膵臓に液体を作るタイプの腫瘍ができてしまい、その腫瘍が作った液体が嚢胞になることもあり、それを「膵嚢胞性腫瘍」と呼びます。嚢胞性膵腫瘍には、良性のものと悪性のものがあり、診断が難しいケースもあるので要注意です。悪性の場合や、今後悪性になる可能性が高い腫瘍は、手術して取ってしまうほうが良いですし、良性だと思ったら、しばらく様子を見ながら、定期的に検査をしていきます。

嚢胞性腫瘍にもいろいろある

手術をするかが問題となるのは、膵管内乳頭粘液性腫瘍(IPMN)と粘液性嚢胞腫瘍(MCN)の2つが有名です。そのほか、漿液性嚢胞腫瘍(SCN)などの腫瘍もありますが、これはほとんどの場合経過観察となります。
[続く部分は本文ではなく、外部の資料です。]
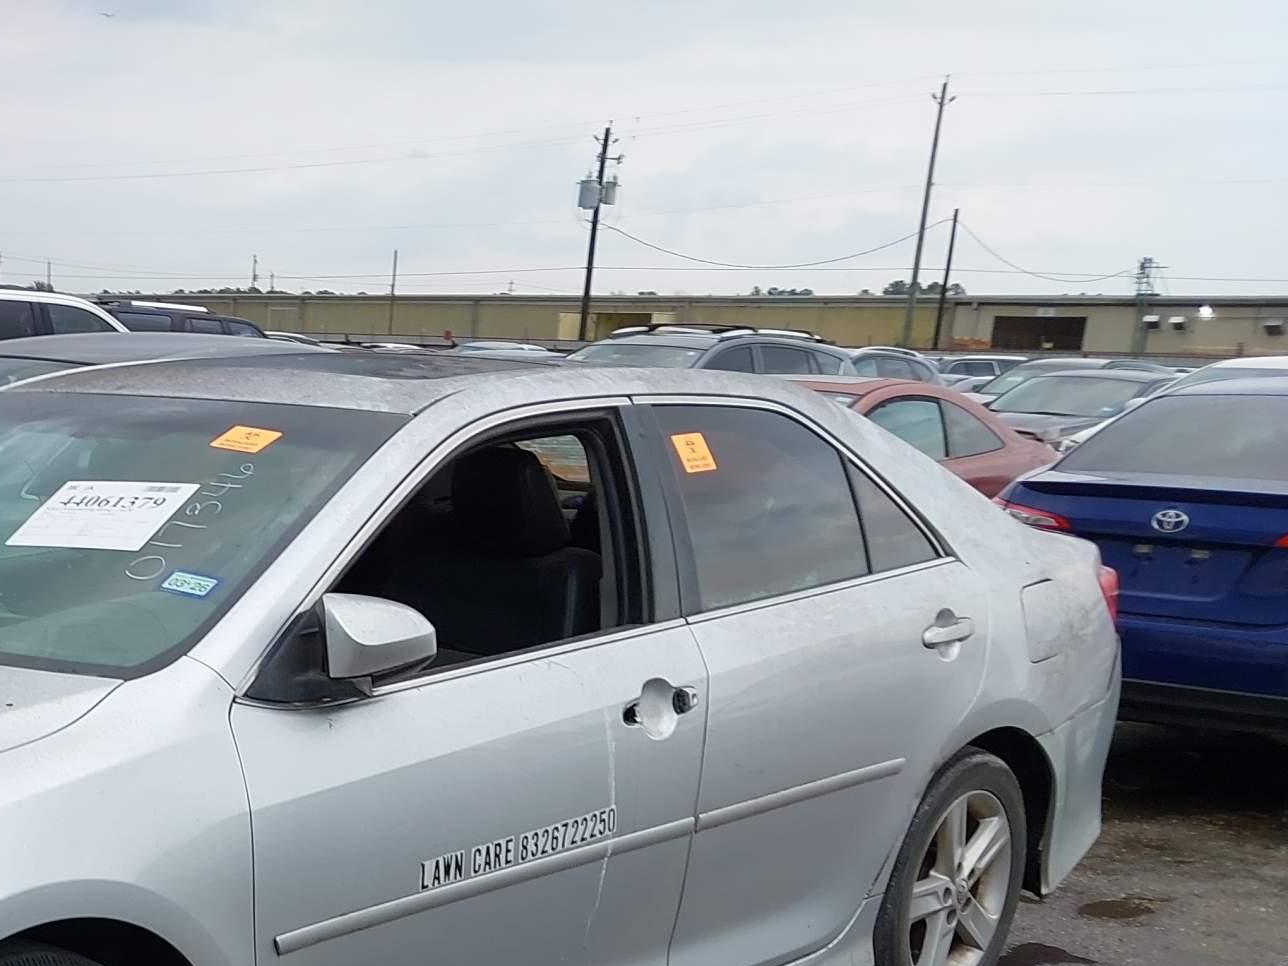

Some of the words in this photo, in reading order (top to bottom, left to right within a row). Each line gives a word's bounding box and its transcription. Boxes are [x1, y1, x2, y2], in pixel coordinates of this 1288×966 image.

[59, 495, 167, 509] 44061379
[420, 851, 464, 890] LAWN
[472, 837, 514, 874] CARE
[520, 807, 616, 861] 8326722250
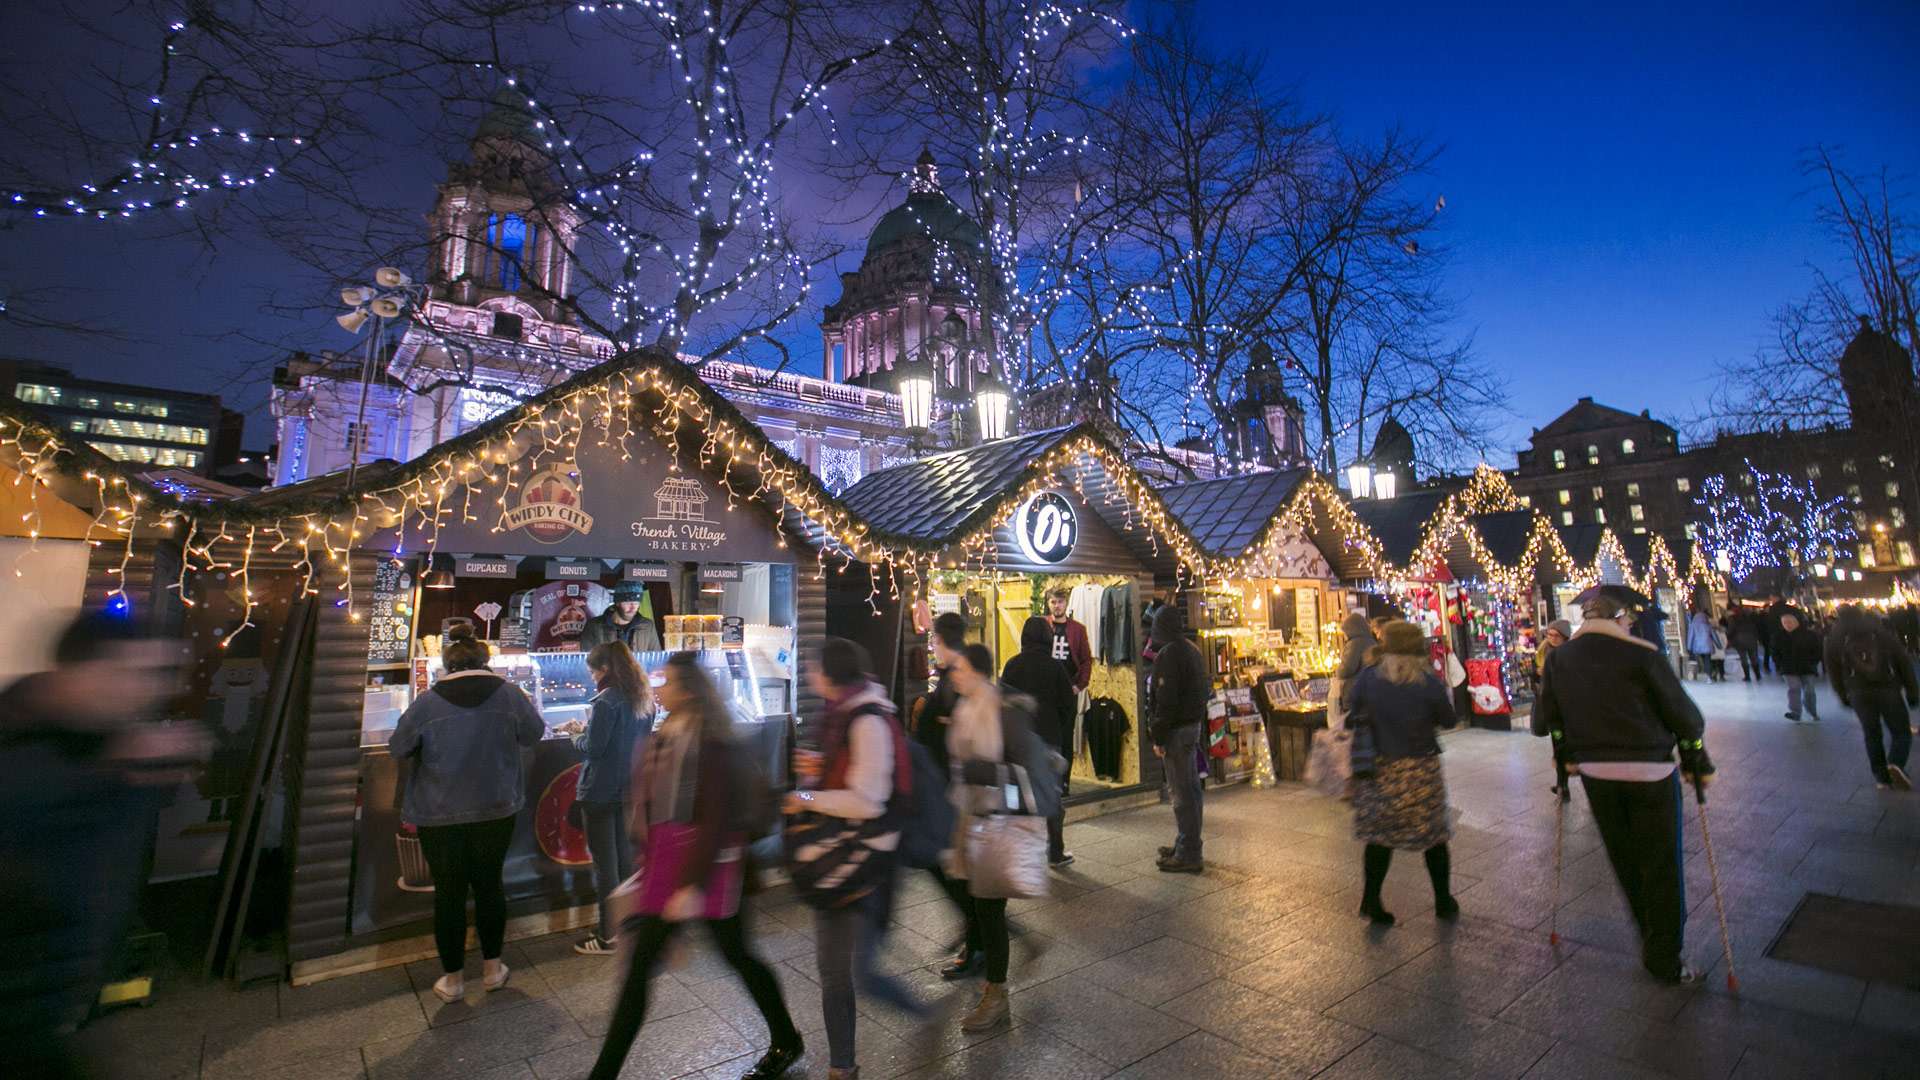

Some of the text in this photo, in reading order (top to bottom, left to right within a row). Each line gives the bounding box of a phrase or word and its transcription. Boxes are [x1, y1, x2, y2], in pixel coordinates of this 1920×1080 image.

[510, 505, 590, 529] WINDY CITY
[631, 521, 728, 546] French Village
[466, 563, 507, 574] CUPCAKES
[560, 566, 588, 576] DONUTS
[632, 568, 668, 578] BROWNIES
[703, 569, 738, 578] MACARONS
MCNは40~50代の女性、膵体尾部にできることが多いです。MCNは基本的に手術を行います。IPMNは膵嚢胞性腫瘍の中では、よく見かける腫瘍で、良性のことも多いが、悪性になることもあり要注意です。IPMNは高齢男性の膵頭部にできることが多く、あちこちに多発することもあります。小さなものはほとんど悪性になりませんので、MCNのように、発見されたらすぐ手術とはならないケースが多いです。

IPMNが見つかったら?

膵嚢胞性腫瘍は、造影CTで発見されることが多いですが、膵管との関係や拡張を見る必要があるので、MRI(MRCP)検査も行います。2㎝以上のIPMNの場合には、超音波内視鏡検査(胃カメラを利用した超音波検査)を行い、細胞を取る検査を行う場合もあります。

専門外来で定期検査を行いましょう

IPMNは、嚢胞性腫瘍そのものが悪性化する場合と、すい臓の別の部位から「がん」が発生してしまうことがあります。また、同時に大腸癌、胃癌などが見つかるケースも多いといわれています。専門性の高い疾患ですので、当院では専門外来を開設し、国際膵臓学会のガイドラインに基づいて、検査や治療を行っています。万一、悪性が疑われた場合には、そのまま膵臓外科の専門医が治療を行います。膵嚢胞と診断されたら、一度消化器センターの外科外来を受診してください。